Rua histórica de Fortaleza é corredor cultural com cafés, museus, teatro e artesanato
Experiência de um dia inteiro na Rua Doutor João Moreira reserva agradáveis e ricos momentos.
Encontrar um lugar para salvar a rotina pode ser libertador. Encontrar vários lugares no mesmo endereço é matéria de privilégio. Fortaleza tem essa vantagem concentrada na Rua Doutor João Moreira. Em pleno Centro da cidade, o endereço reserva ampla gama de experiências a quem se dirigir até lá, do café da manhã ao passeio de fim de tarde.

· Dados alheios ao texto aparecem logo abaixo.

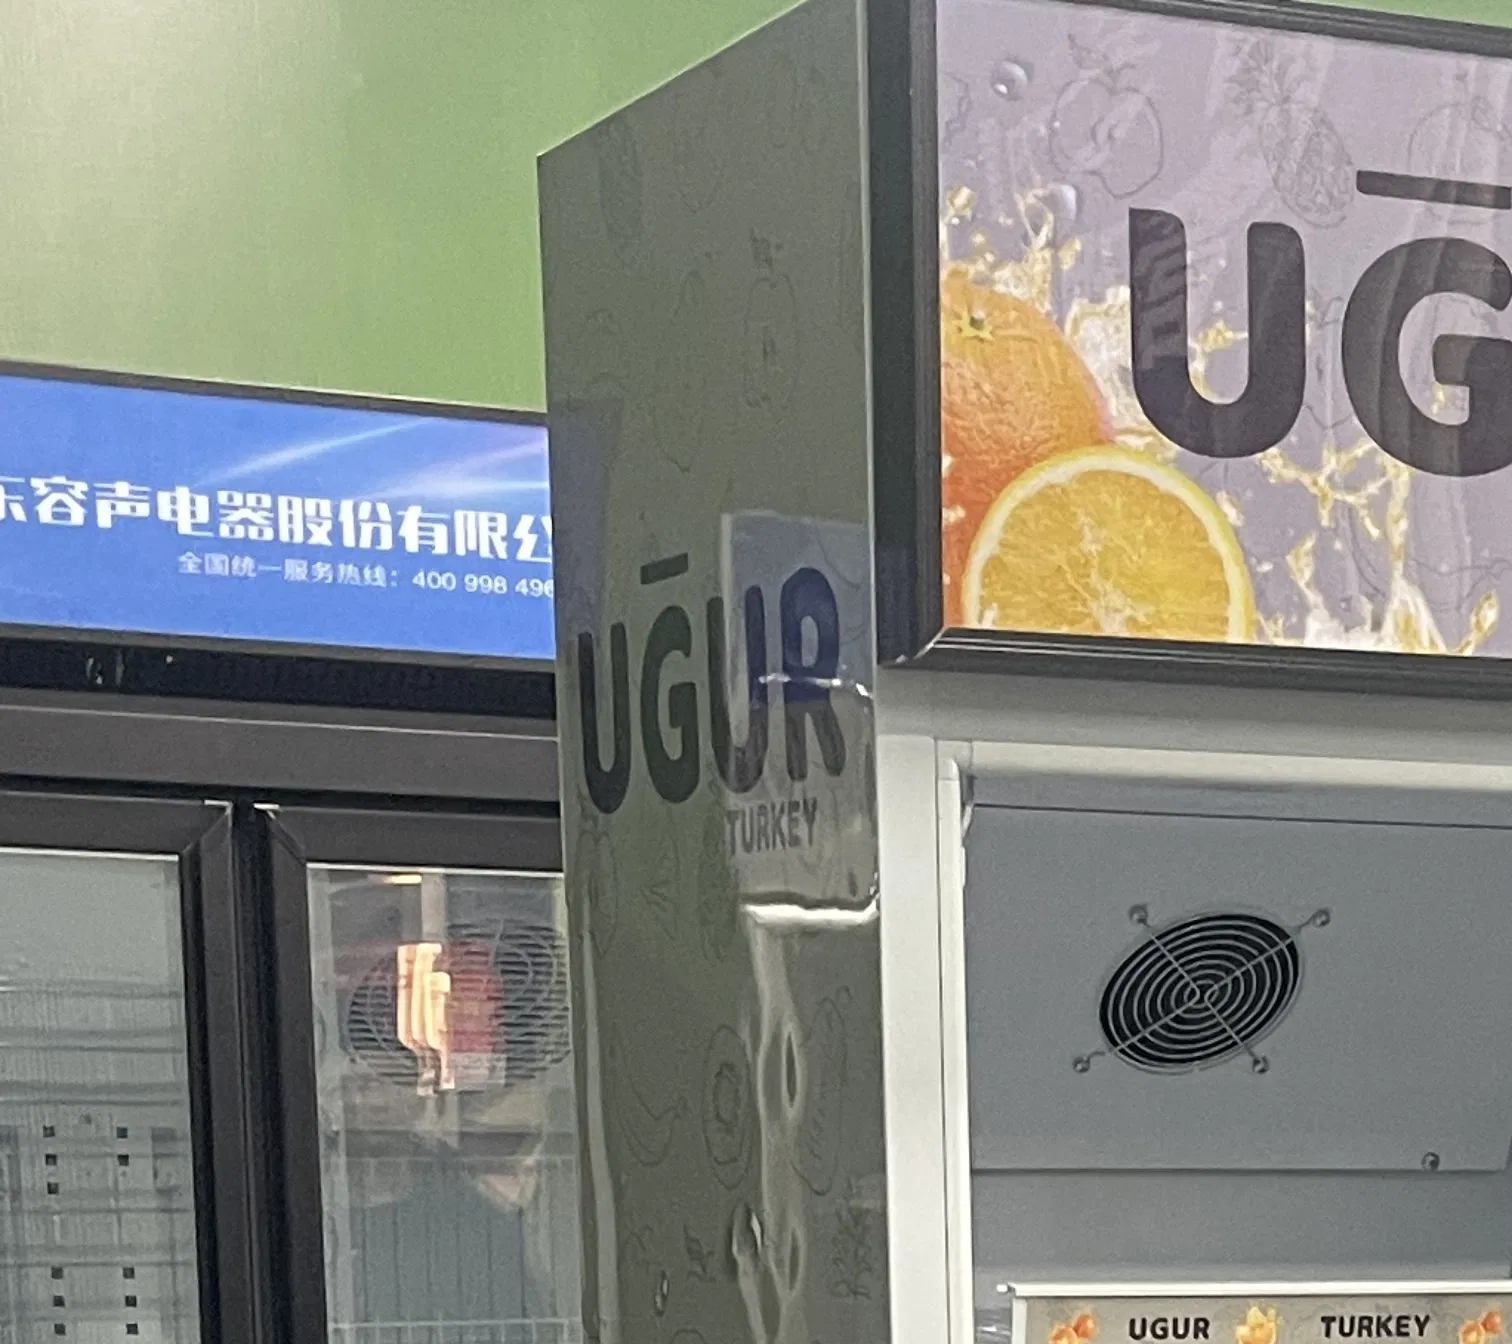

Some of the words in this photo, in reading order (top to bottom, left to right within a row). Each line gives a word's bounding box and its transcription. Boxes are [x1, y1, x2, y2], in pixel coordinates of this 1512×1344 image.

O Verso experimentou passar uma manhã inteira na rua para saber que momentos ela oferece tanto a cidadãos da Capital quanto a turistas. Tem para todo mundo. Do início ao fim, toda a extensão do logradouro é manancial para desbravar cores, sabores, texturas, palcos, visualidades e, claro, sentir a cultura de Fortaleza pulsando por todos os lados.
Café Comércio, Museu da Indústria, Passeio Público, Teatro Carlos Câmara, Emcetur, loja de discos de vinil, Complexo Estação das Artes, Pinacoteca do Ceará e Museu Ferroviário formam, juntos, o tipo de rota que agrada de crianças a idosos, de jovens a casais.
O convite, de fato, é para que família e amigos estejam juntos no trajeto – embora a perspectiva de ir sozinho, com a calma necessária para observar, também seja irresistível.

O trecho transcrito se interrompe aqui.